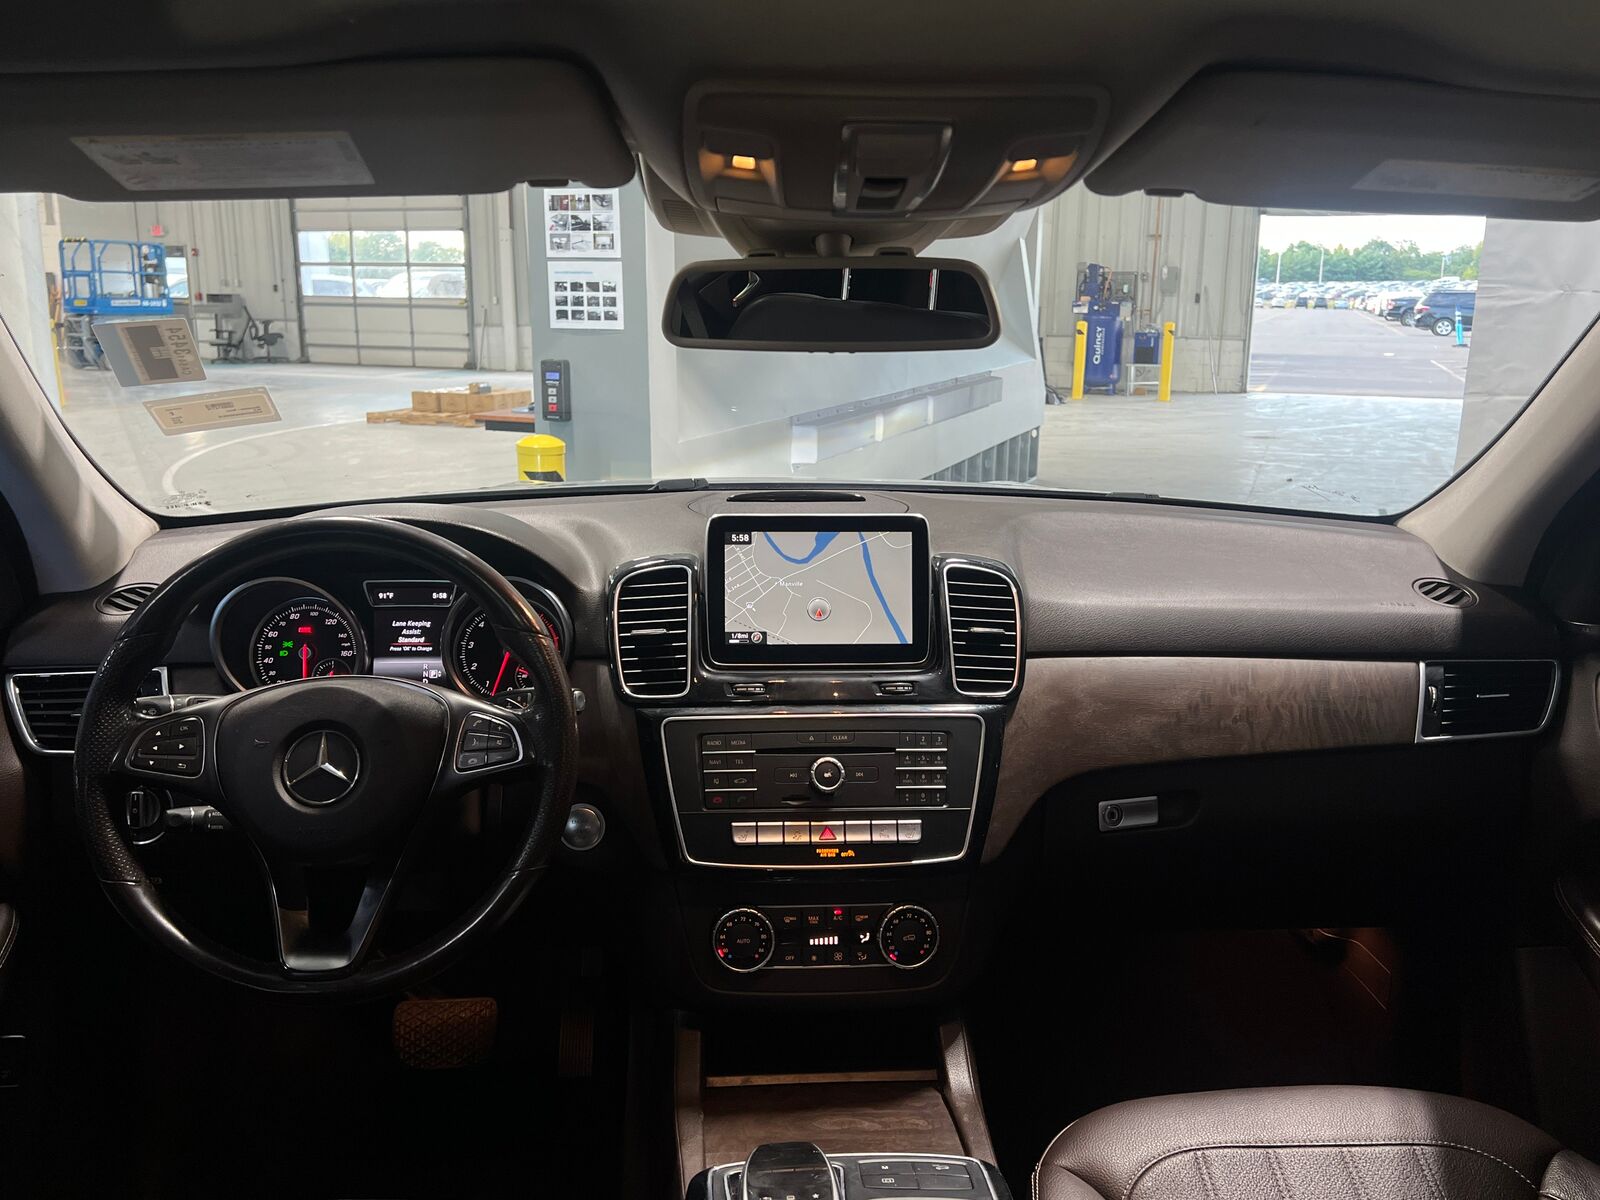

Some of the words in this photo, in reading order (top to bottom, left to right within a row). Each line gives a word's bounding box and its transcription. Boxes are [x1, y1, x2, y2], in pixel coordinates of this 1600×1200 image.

[1093, 326, 1102, 364] Quincy
[731, 534, 750, 542] 5:58
[407, 620, 431, 628] Keeping
[468, 641, 475, 649] 3
[470, 662, 478, 670] 2

__________

_WHAT TO PRODUCE_: This exercise calls for the complete listing, returned exactly and without images.

_EXERCISE RESPONSE_:
Some of the words in this photo, in reading order (top to bottom, left to right within a row). Each line gives a word's bounding box and its transcription. Boxes are [x1, y1, x2, y2], in pixel coordinates of this 1600×1200 image.

[1093, 326, 1102, 364] Quincy
[731, 534, 750, 542] 5:58
[407, 620, 431, 628] Keeping
[468, 641, 475, 649] 3
[470, 662, 478, 670] 2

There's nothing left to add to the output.